Борис Полевой - Современники
Мария Рожнева широко улыбалась. Большие серые глаза ее лучисто сверкали, и вся она, красивая, светлая, была как бы олицетворением здоровой, смелой, одухотворенной юности.
В зале послышался добродушный смех. Грохнули аплодисменты. Но человек в очках не сдался. Он продолжал тянуть руку:
— Но если человек выполнит нормы вдвое и даже втрое, он же должен где-то брать силы. Что бы там фрейлейн нам ни рассказывала, человек, выполнивший работу троих, все равно будет похож на выжатый лимон.
Стоя на трибуне здесь, в чужой стране, перед людьми, которым ежедневно маршаллизованные газеты впрыскивали яд отвратительной антисоветской пропаганды, Мария на миг мысленно перенеслась к тем далеким дням, когда она вместе с Лидией Кононенко обдумывала свое предложение, за которое они потом получили Сталинскую премию.
Ясно встала перед глазами далекая фабрика, утопавшая в зелени душистых распускающихся тополей, мягкий весенний вечер, ровный свистящий гул веретен, доносящийся из открытых окон прядильной, черные горячие глаза подружки. Особое волнение, трепет творчества испытывали тогда они обе. Точно на крыльях летали. Разве могла быть при этом усталость? А если и была она, ее тогда не замечали — так были увлечены.

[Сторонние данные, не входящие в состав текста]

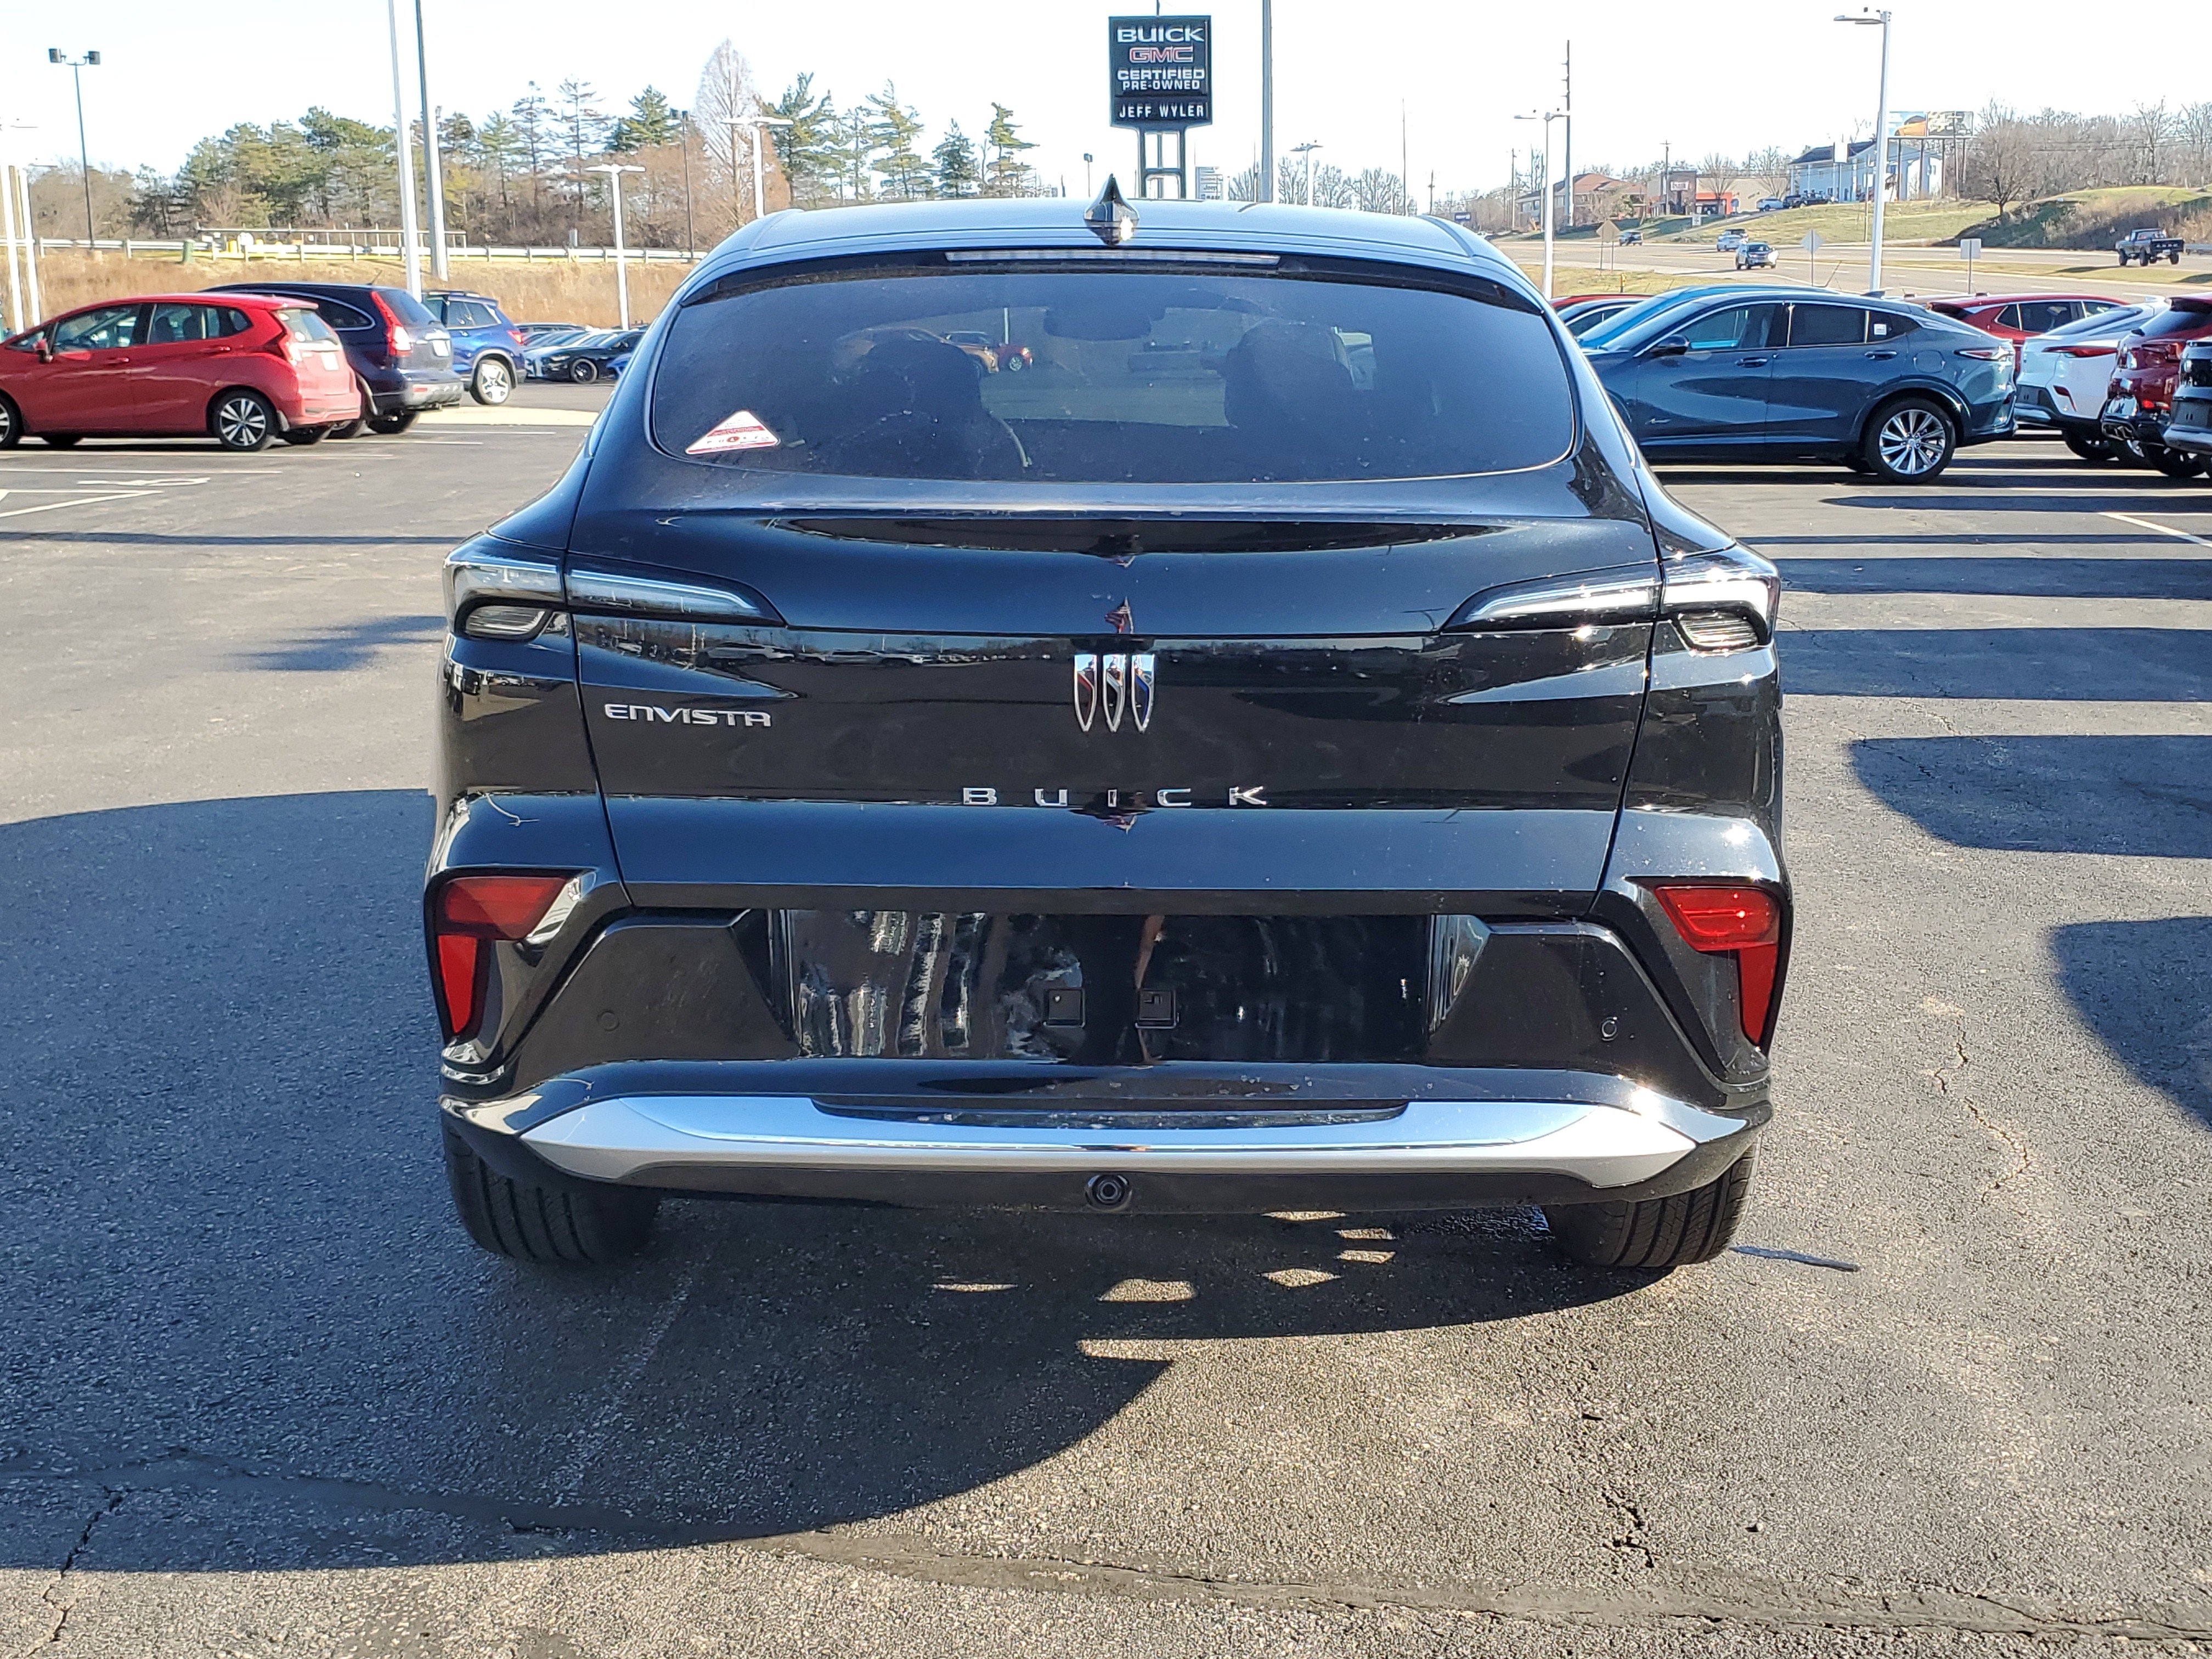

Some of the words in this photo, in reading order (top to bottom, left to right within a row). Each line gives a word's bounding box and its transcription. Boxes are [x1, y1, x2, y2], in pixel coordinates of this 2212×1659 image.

[1117, 27, 1205, 42] BUICK
[1129, 46, 1193, 63] GMC
[1117, 69, 1205, 81] CERTIFIED
[1122, 80, 1200, 90] PRE-OWNED
[1119, 105, 1152, 118] JEFF
[1159, 104, 1204, 117] WYLER
[605, 704, 771, 727] ENVISTA
[963, 786, 1266, 807] BUICK

Мария с насмешливой снисходительностью посмотрела на румяного человека и широко улыбнулась:
— Наши рабочие работают не только руками. Мы работаем и головой. Да, и головой, — запомните это. У нас уже стираются существенные различия между умственным и физическим трудом. У нас есть рабочие, которые читают лекции в институтах, и академики приезжают к нам на фабрику для того, чтобы советоваться с нами. Да-да, и к нам с подружкой приезжали…
Новый взрыв аплодисментов наградил ее за этот спокойный ответ. Румяный господин смолк. Он больше не поднимал руки. Зато с другого конца зала послышался ядовитый вопрос:
— Вот вы сказали, что ваше начинание по изготовлению тканей из сэкономленного сырья очень выгодно. Кому? Вам лично? Много ли оно вам дало?
— Наша фабрика сэкономила на этом за три года около ста миллионов рублей. Сто миллионов!
— Нет, фрейлейн, вы не поняли меня или не хотите понять. Не фабрике, а вам, вам лично! — настаивала пожилая худая женщина в зеленом берете, со щечками-котлетками, вздрагивающими от волнения.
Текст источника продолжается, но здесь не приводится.